• GOAL OF THE EXERCISE:
In full and without alteration, output each record given here.

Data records

<<<<

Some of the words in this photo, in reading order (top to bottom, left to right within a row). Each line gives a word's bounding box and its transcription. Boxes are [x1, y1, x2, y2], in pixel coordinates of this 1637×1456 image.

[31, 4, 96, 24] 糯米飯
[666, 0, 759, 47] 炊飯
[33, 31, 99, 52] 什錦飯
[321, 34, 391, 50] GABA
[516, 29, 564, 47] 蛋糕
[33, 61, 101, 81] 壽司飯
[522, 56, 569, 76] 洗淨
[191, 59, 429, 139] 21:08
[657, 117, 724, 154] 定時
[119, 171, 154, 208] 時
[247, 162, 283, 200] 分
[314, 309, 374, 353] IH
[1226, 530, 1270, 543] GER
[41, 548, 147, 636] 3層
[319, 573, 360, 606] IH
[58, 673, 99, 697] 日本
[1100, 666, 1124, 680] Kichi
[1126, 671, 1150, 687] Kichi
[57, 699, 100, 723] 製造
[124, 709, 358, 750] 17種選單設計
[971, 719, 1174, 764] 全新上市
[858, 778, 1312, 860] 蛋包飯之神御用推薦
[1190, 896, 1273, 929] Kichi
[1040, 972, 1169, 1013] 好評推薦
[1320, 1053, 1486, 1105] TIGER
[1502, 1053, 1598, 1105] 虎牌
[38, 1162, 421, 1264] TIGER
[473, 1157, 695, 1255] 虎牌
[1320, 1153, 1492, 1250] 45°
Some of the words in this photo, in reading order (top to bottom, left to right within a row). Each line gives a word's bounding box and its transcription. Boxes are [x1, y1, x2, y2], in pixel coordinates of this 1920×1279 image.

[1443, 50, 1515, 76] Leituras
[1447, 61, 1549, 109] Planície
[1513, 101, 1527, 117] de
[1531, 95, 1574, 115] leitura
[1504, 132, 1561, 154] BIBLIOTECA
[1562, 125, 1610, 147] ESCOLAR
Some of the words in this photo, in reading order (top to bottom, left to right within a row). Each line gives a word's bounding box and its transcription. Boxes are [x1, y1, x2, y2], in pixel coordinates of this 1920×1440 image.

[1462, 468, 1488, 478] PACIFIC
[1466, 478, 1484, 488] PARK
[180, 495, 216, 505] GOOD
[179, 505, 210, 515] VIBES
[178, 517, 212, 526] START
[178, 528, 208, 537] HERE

>>>>

• RESPONSE TO THE EXERCISE:
Some of the words in this photo, in reading order (top to bottom, left to right within a row). Each line gives a word's bounding box and its transcription. Boxes are [x1, y1, x2, y2], in pixel coordinates of this 1637×1456 image.

[31, 4, 96, 24] 糯米飯
[666, 0, 759, 47] 炊飯
[33, 31, 99, 52] 什錦飯
[321, 34, 391, 50] GABA
[516, 29, 564, 47] 蛋糕
[33, 61, 101, 81] 壽司飯
[522, 56, 569, 76] 洗淨
[191, 59, 429, 139] 21:08
[657, 117, 724, 154] 定時
[119, 171, 154, 208] 時
[247, 162, 283, 200] 分
[314, 309, 374, 353] IH
[1226, 530, 1270, 543] GER
[41, 548, 147, 636] 3層
[319, 573, 360, 606] IH
[58, 673, 99, 697] 日本
[1100, 666, 1124, 680] Kichi
[1126, 671, 1150, 687] Kichi
[57, 699, 100, 723] 製造
[124, 709, 358, 750] 17種選單設計
[971, 719, 1174, 764] 全新上市
[858, 778, 1312, 860] 蛋包飯之神御用推薦
[1190, 896, 1273, 929] Kichi
[1040, 972, 1169, 1013] 好評推薦
[1320, 1053, 1486, 1105] TIGER
[1502, 1053, 1598, 1105] 虎牌
[38, 1162, 421, 1264] TIGER
[473, 1157, 695, 1255] 虎牌
[1320, 1153, 1492, 1250] 45°
Some of the words in this photo, in reading order (top to bottom, left to right within a row). Each line gives a word's bounding box and its transcription. Boxes are [x1, y1, x2, y2], in pixel coordinates of this 1920×1279 image.

[1443, 50, 1515, 76] Leituras
[1447, 61, 1549, 109] Planície
[1513, 101, 1527, 117] de
[1531, 95, 1574, 115] leitura
[1504, 132, 1561, 154] BIBLIOTECA
[1562, 125, 1610, 147] ESCOLAR
Some of the words in this photo, in reading order (top to bottom, left to right within a row). Each line gives a word's bounding box and its transcription. Boxes are [x1, y1, x2, y2], in pixel coordinates of this 1920×1440 image.

[1462, 468, 1488, 478] PACIFIC
[1466, 478, 1484, 488] PARK
[180, 495, 216, 505] GOOD
[179, 505, 210, 515] VIBES
[178, 517, 212, 526] START
[178, 528, 208, 537] HERE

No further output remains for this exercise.